On National Public Radio's "Talk of the Nation" on January 19, Shanta Driver, chairperson of By Any Means Necessary, a national advocacy group, was a guest discussing the future of affirmative action programs along with John McWhorter of the Manhattan Institute. (Charlottesville's Dahlia Lithwick gave an overview of the issue earlier in the program.)
Just past the middle of the discussion, Driver said:
It obviously made a difference for Barack Obama to have been able to go to Harvard and without affirmative action programs, he wouldn't have been able to go there.The only inference to make from that statement is that Barack Obama was, absent affirmative action based on race, otherwise unqualified to be a Harvard law student. What a low opinion Driver has of the 44th president! (That Obama had earlier graduated from Columbia University, spent several years after college as a community organizer, and then went on to become editor of the Harvard Law Review, belies Driver's insulting insinuation.)

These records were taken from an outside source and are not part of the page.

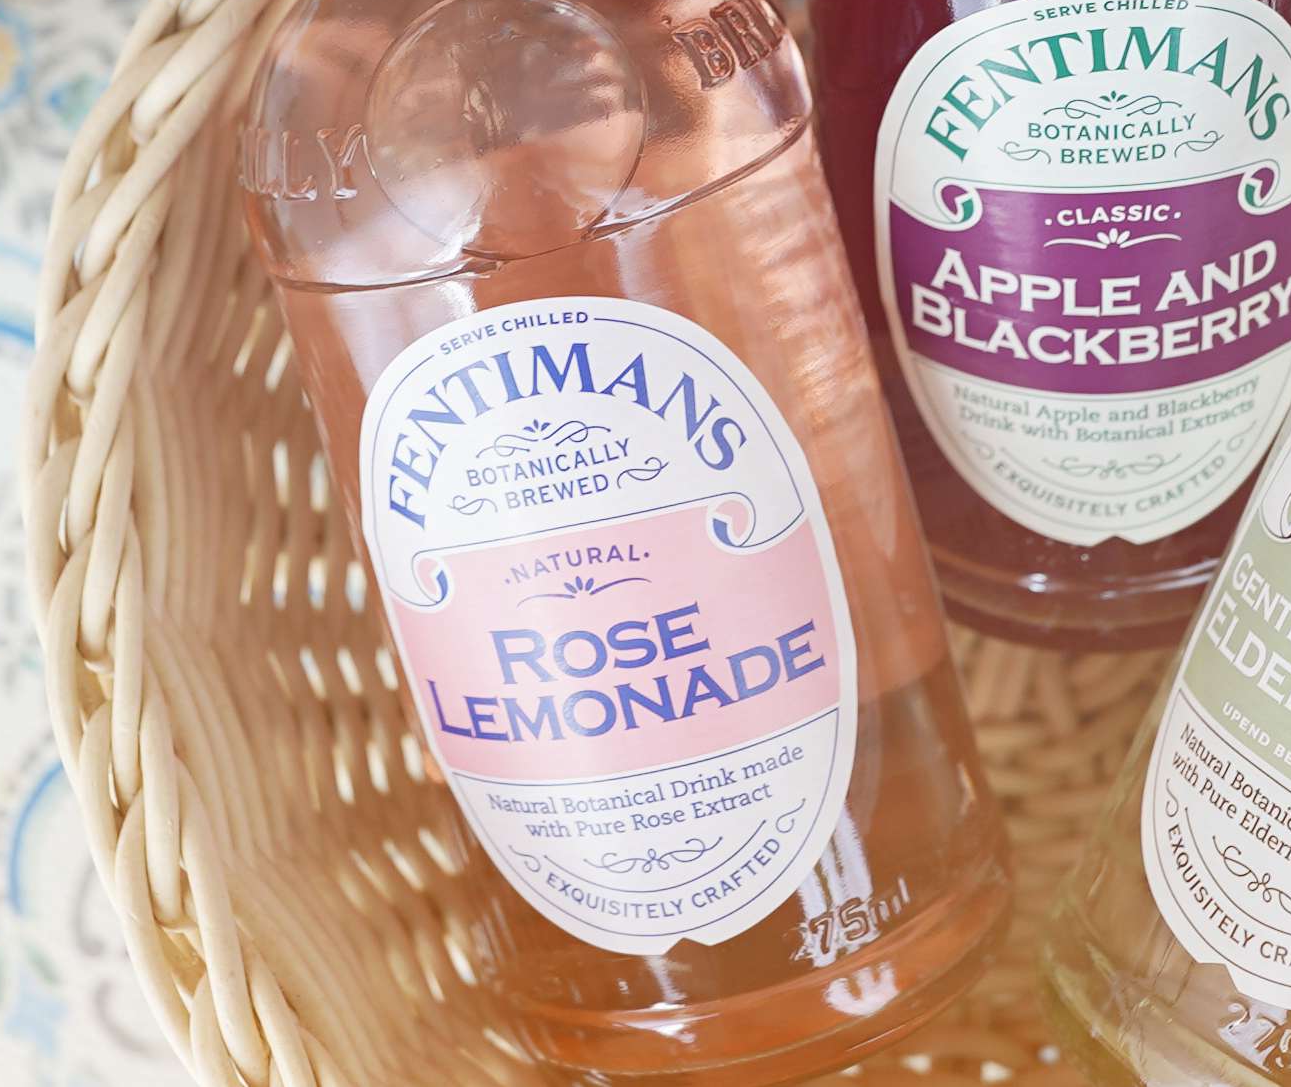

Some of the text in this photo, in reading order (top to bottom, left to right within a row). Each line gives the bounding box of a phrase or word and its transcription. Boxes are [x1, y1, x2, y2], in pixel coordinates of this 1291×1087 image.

[1033, 1, 1096, 21] SERVE
[923, 25, 1290, 161] FENTIMANS
[1028, 113, 1196, 140] BOTANICALLY
[1060, 143, 1167, 164] BREWED
[931, 239, 1277, 317] APPLE AND
[440, 311, 589, 356] SERVE CHILLED
[953, 376, 1260, 428] Natural Apple and Blackberry
[958, 398, 1255, 443] Drink with Botanical Extracts
[388, 342, 748, 530] FENTIMANS
[466, 437, 631, 487] BOTANICALLY
[504, 473, 609, 510] BREWED
[994, 454, 1226, 516] EXQUISITELY CRAFTED
[489, 601, 710, 685] ROSE
[427, 620, 826, 743] LEMONADE
[1179, 724, 1231, 775] Natural
[1223, 702, 1269, 746] UPEND
[486, 743, 805, 815] Natural Botanical Drink made
[1171, 753, 1206, 791] with
[1198, 781, 1238, 819] Pure
[525, 782, 773, 840] with Pure Rose Extract
[547, 837, 782, 919] EXQUISITELY CRAFTED
[1167, 826, 1253, 949] EXQUISITELY
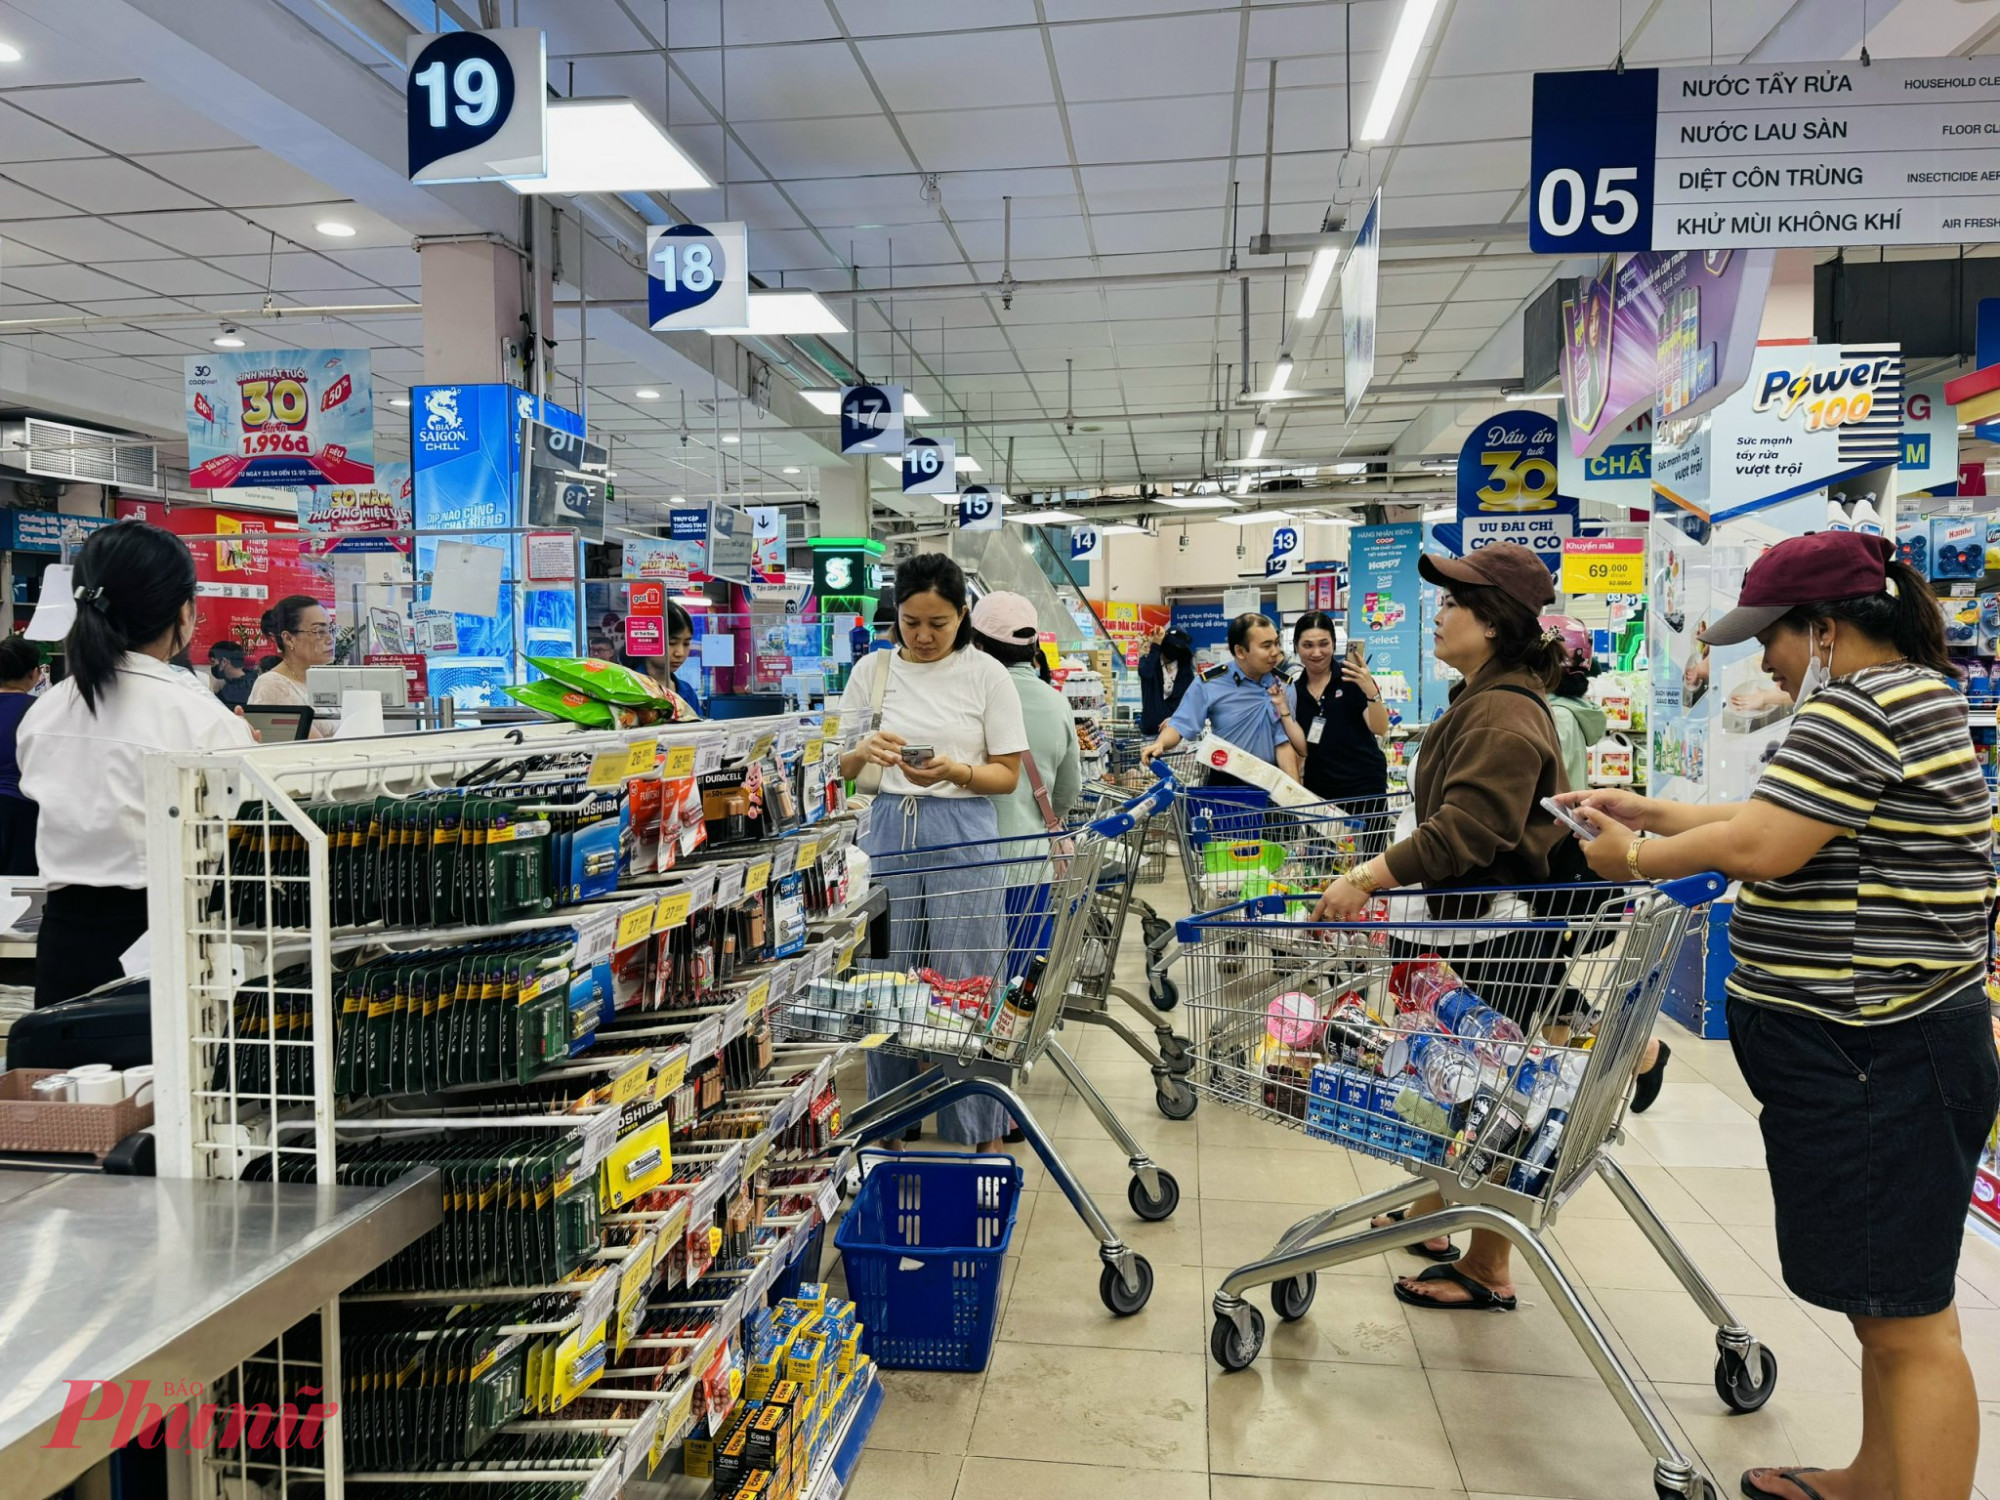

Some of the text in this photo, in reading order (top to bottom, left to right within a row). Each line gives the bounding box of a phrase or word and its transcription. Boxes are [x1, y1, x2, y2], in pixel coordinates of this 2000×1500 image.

Driver is, however, an equal-opportunity snob. She quickly went on to say about the 43rd president:
[Minority students] never have the opportunity to be able to get the same kind of education as lots and lots and lots of white students at those universities, who are there purely because their parents went there and their grandparents went there and they're legacy admits, as George Bush was at Yale, who are clearly not qualified to be at those elite institutions...That's quite an accusation, considering that George Bush earned better grades at Yale than were earned by his contemporary, John Kerry. Bush went on to earn an MBA at Harvard (where he was not a "legacy admit") and had a life of ups and downs leading to the ultimate success of being elected President of the United States.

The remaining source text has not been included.